▶ [WHAT THE TASK REQUIRES] Your output should be the line that contains "Some of the text" and all lines after it in the records, retyped exactly through the last one.

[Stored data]

>>

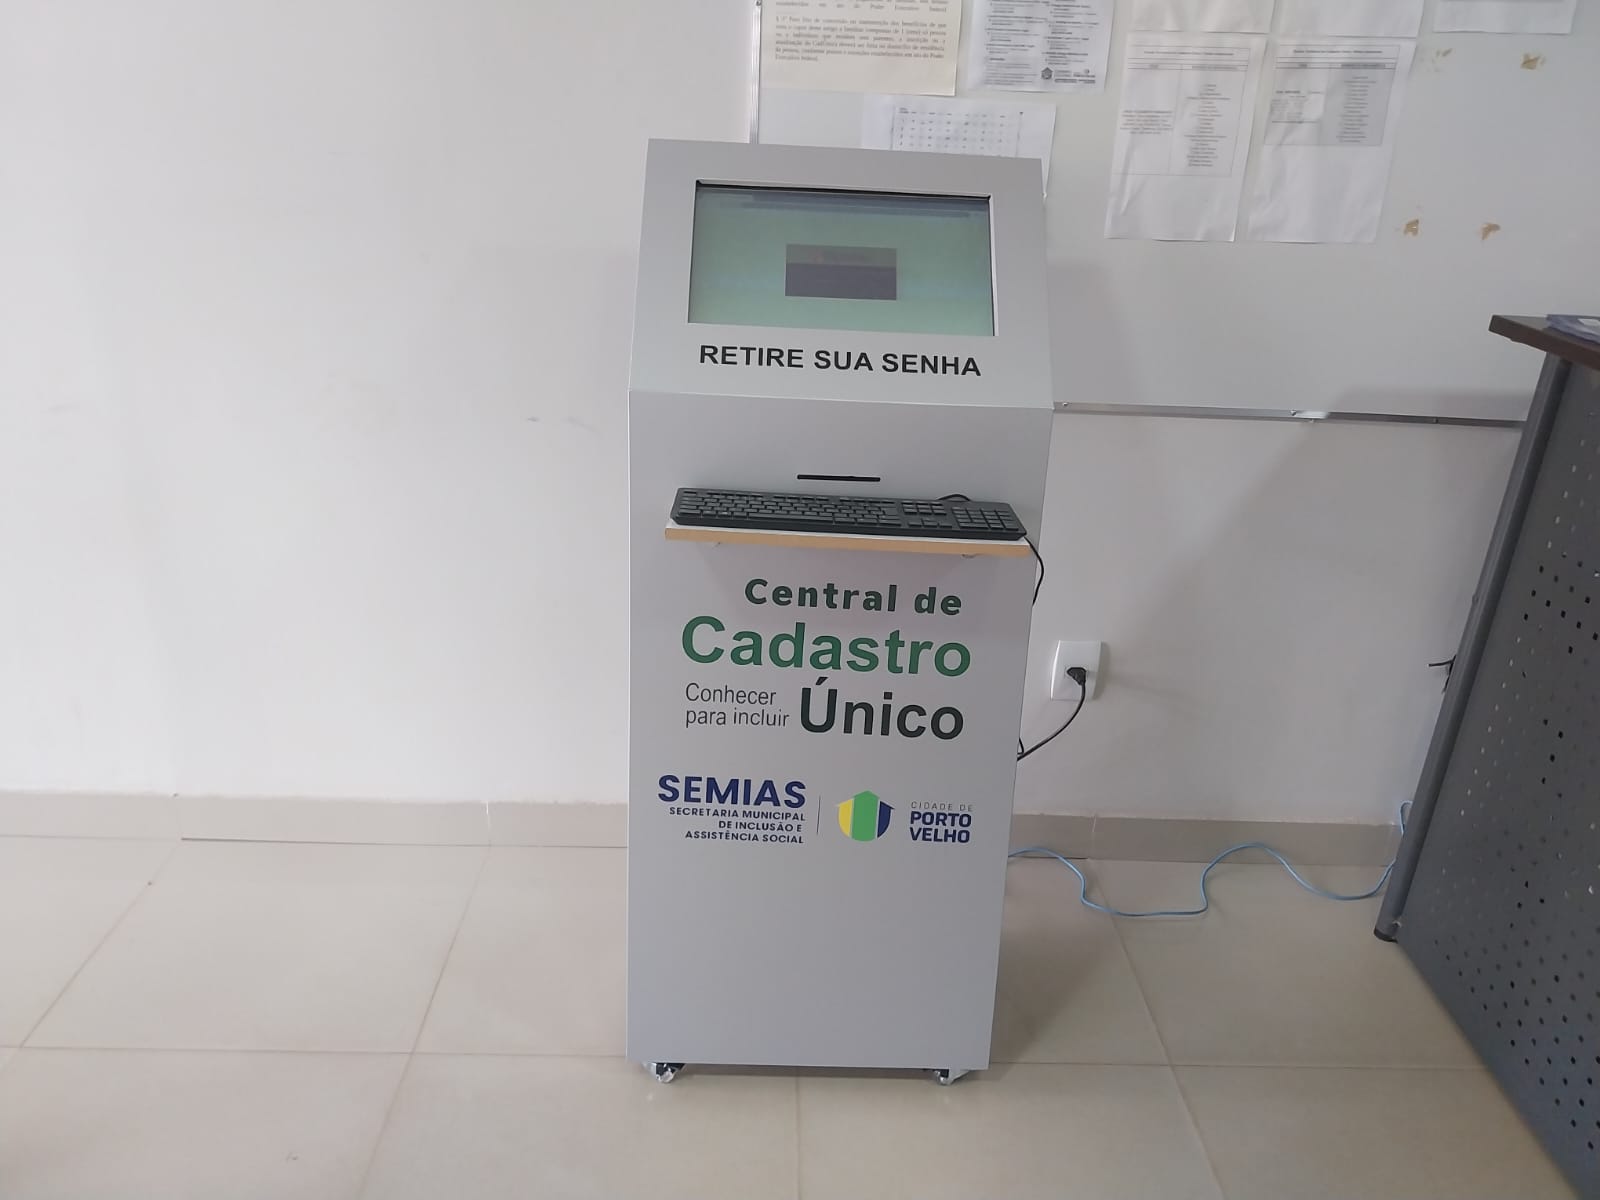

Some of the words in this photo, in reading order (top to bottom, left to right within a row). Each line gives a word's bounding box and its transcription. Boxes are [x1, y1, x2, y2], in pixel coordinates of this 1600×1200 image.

[700, 344, 804, 368] RETIRE
[814, 350, 873, 371] SUA
[881, 353, 981, 376] SENHA
[744, 578, 897, 612] Central
[914, 587, 962, 616] de
[682, 615, 971, 677] Cadastro
[685, 682, 777, 706] Conhecer
[685, 707, 727, 729] para
[732, 707, 790, 728] incluir
[800, 676, 964, 740] Único
[658, 775, 806, 808] SEMIAS
[669, 806, 740, 818] SECRETARIA
[742, 810, 806, 822] MUNICIPAL
[911, 801, 953, 811] CIDADE
[959, 804, 974, 812] DE
[718, 820, 733, 829] DE
[735, 821, 794, 833] INCLUSÃO
[796, 824, 803, 833] E
[911, 811, 972, 827] PORTO
[685, 830, 760, 842] ASSISTÊNCIA
[762, 834, 804, 844] SOCIAL
[910, 827, 970, 843] VELHO
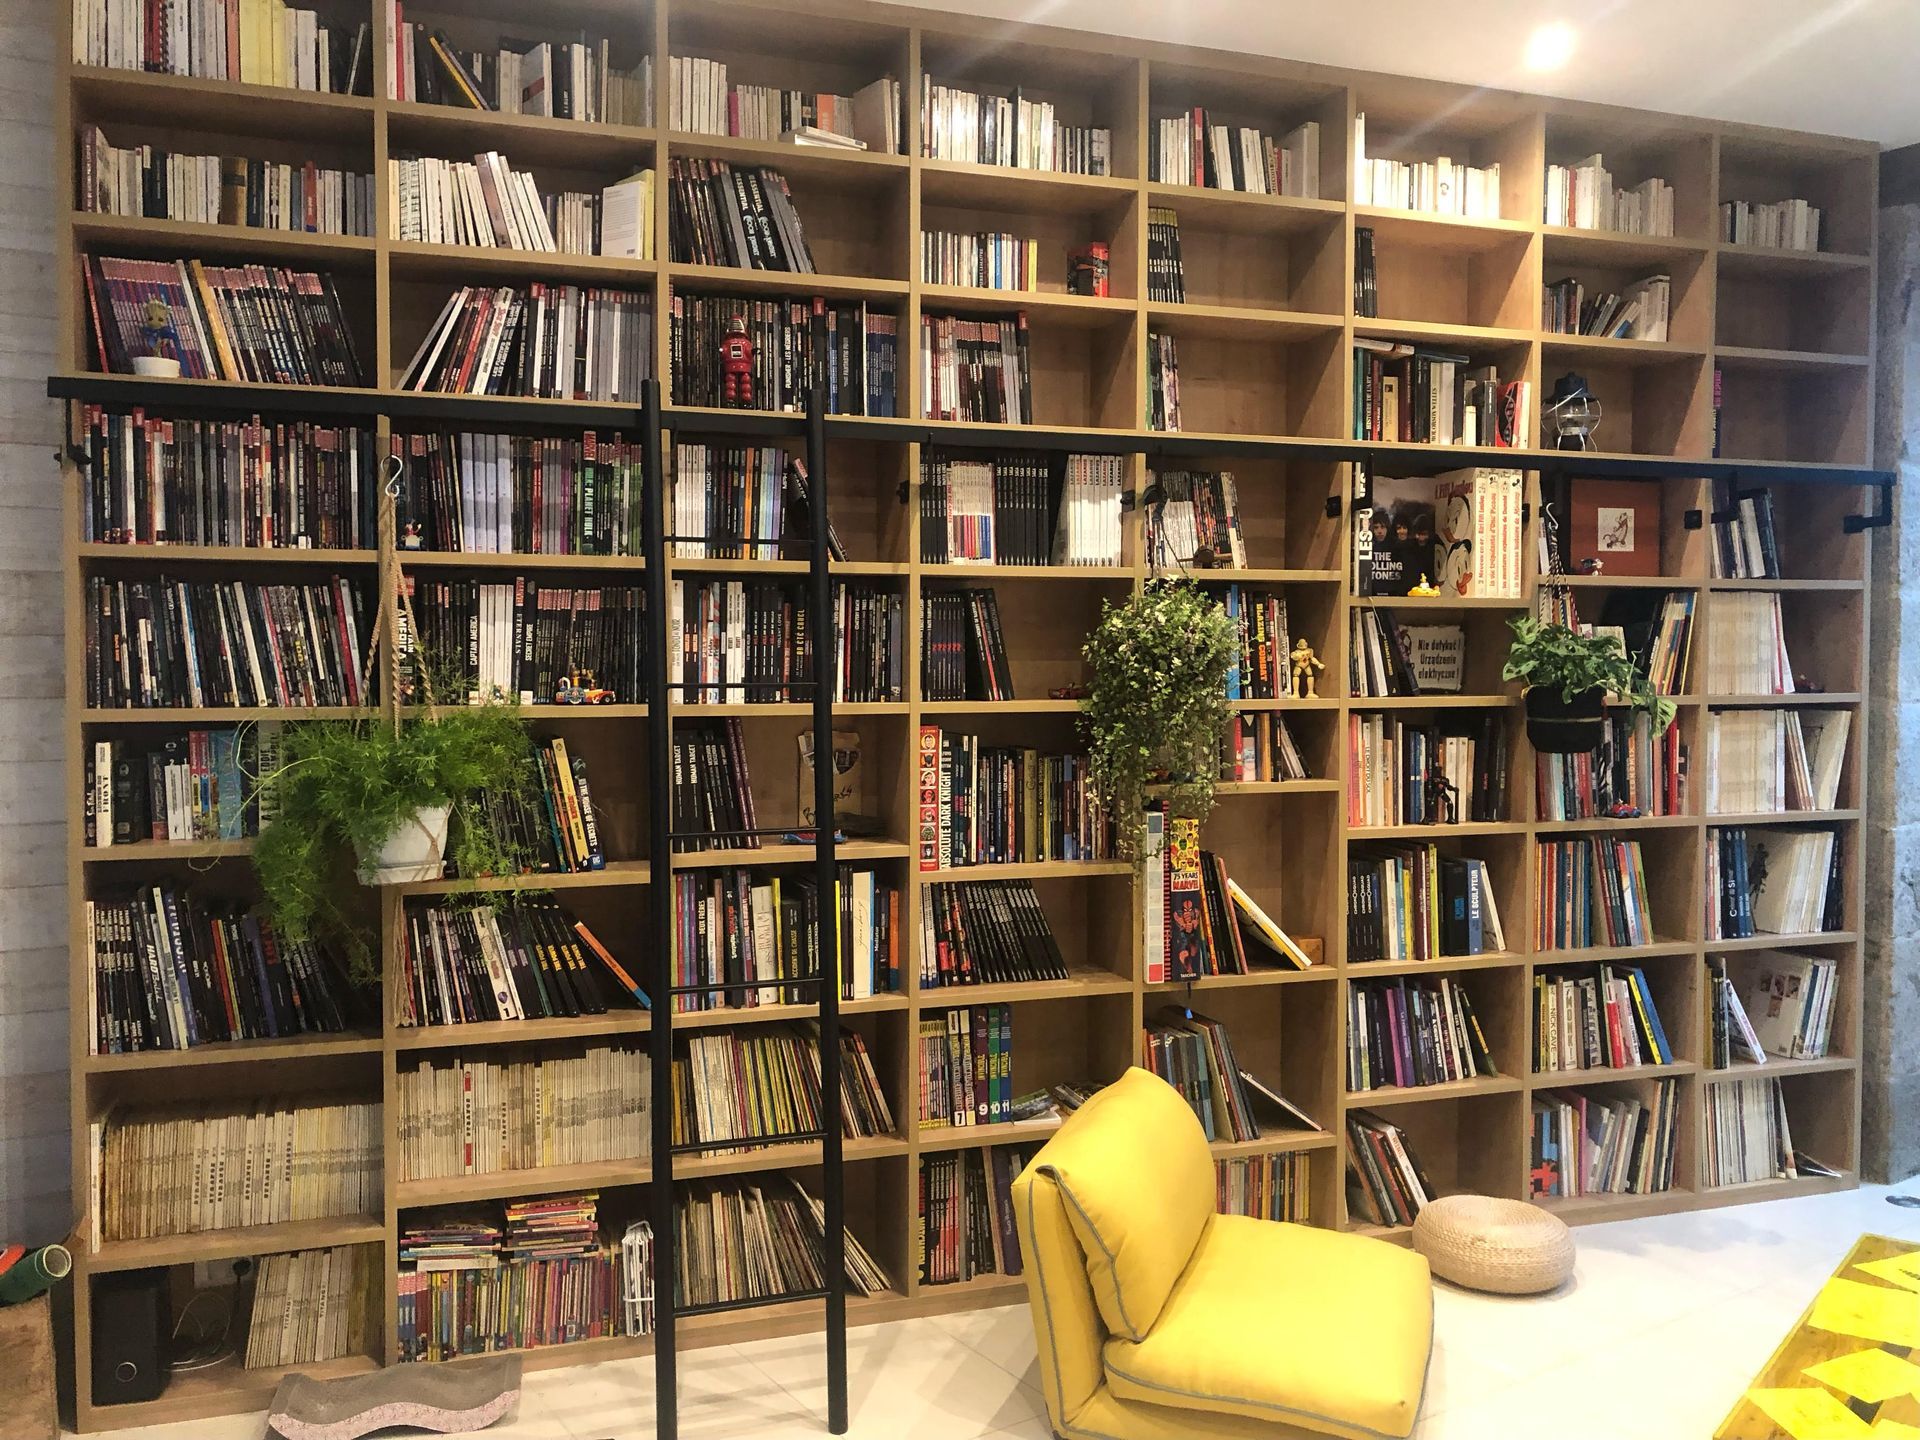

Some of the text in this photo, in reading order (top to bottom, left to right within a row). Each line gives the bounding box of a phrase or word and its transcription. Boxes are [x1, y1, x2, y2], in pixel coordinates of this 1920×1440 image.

[736, 178, 748, 210] ESSENTIAL
[750, 180, 763, 212] ESSENTIAL
[584, 488, 594, 514] PLANET
[1360, 530, 1373, 561] LES
[1374, 552, 1391, 561] THE
[1372, 562, 1403, 571] OLLING
[1372, 572, 1401, 580] TONES
[399, 609, 407, 659] AMERICA
[470, 616, 478, 666] CAPTAIN AMERICA
[1256, 604, 1267, 681] BLAZING COMBAT
[1418, 640, 1429, 650] Nie
[675, 765, 683, 785] HUMAN
[688, 744, 698, 784] HUMAN TARGET
[580, 786, 588, 796] THE
[582, 796, 590, 814] HOUSE
[941, 772, 951, 868] ABSOLUTE DARK KNIGHT
[587, 823, 597, 846] SECRETS
[1182, 872, 1198, 880] YEARS
[1471, 870, 1479, 919] LE SCULPTEUR
[147, 944, 160, 973] HARD

<<

▶ [REPLY]
Some of the text in this photo, in reading order (top to bottom, left to right within a row). Each line gives the bounding box of a phrase or word and its transcription. Boxes are [x1, y1, x2, y2], in pixel coordinates of this 1920×1440 image.

[736, 178, 748, 210] ESSENTIAL
[750, 180, 763, 212] ESSENTIAL
[584, 488, 594, 514] PLANET
[1360, 530, 1373, 561] LES
[1374, 552, 1391, 561] THE
[1372, 562, 1403, 571] OLLING
[1372, 572, 1401, 580] TONES
[399, 609, 407, 659] AMERICA
[470, 616, 478, 666] CAPTAIN AMERICA
[1256, 604, 1267, 681] BLAZING COMBAT
[1418, 640, 1429, 650] Nie
[675, 765, 683, 785] HUMAN
[688, 744, 698, 784] HUMAN TARGET
[580, 786, 588, 796] THE
[582, 796, 590, 814] HOUSE
[941, 772, 951, 868] ABSOLUTE DARK KNIGHT
[587, 823, 597, 846] SECRETS
[1182, 872, 1198, 880] YEARS
[1471, 870, 1479, 919] LE SCULPTEUR
[147, 944, 160, 973] HARD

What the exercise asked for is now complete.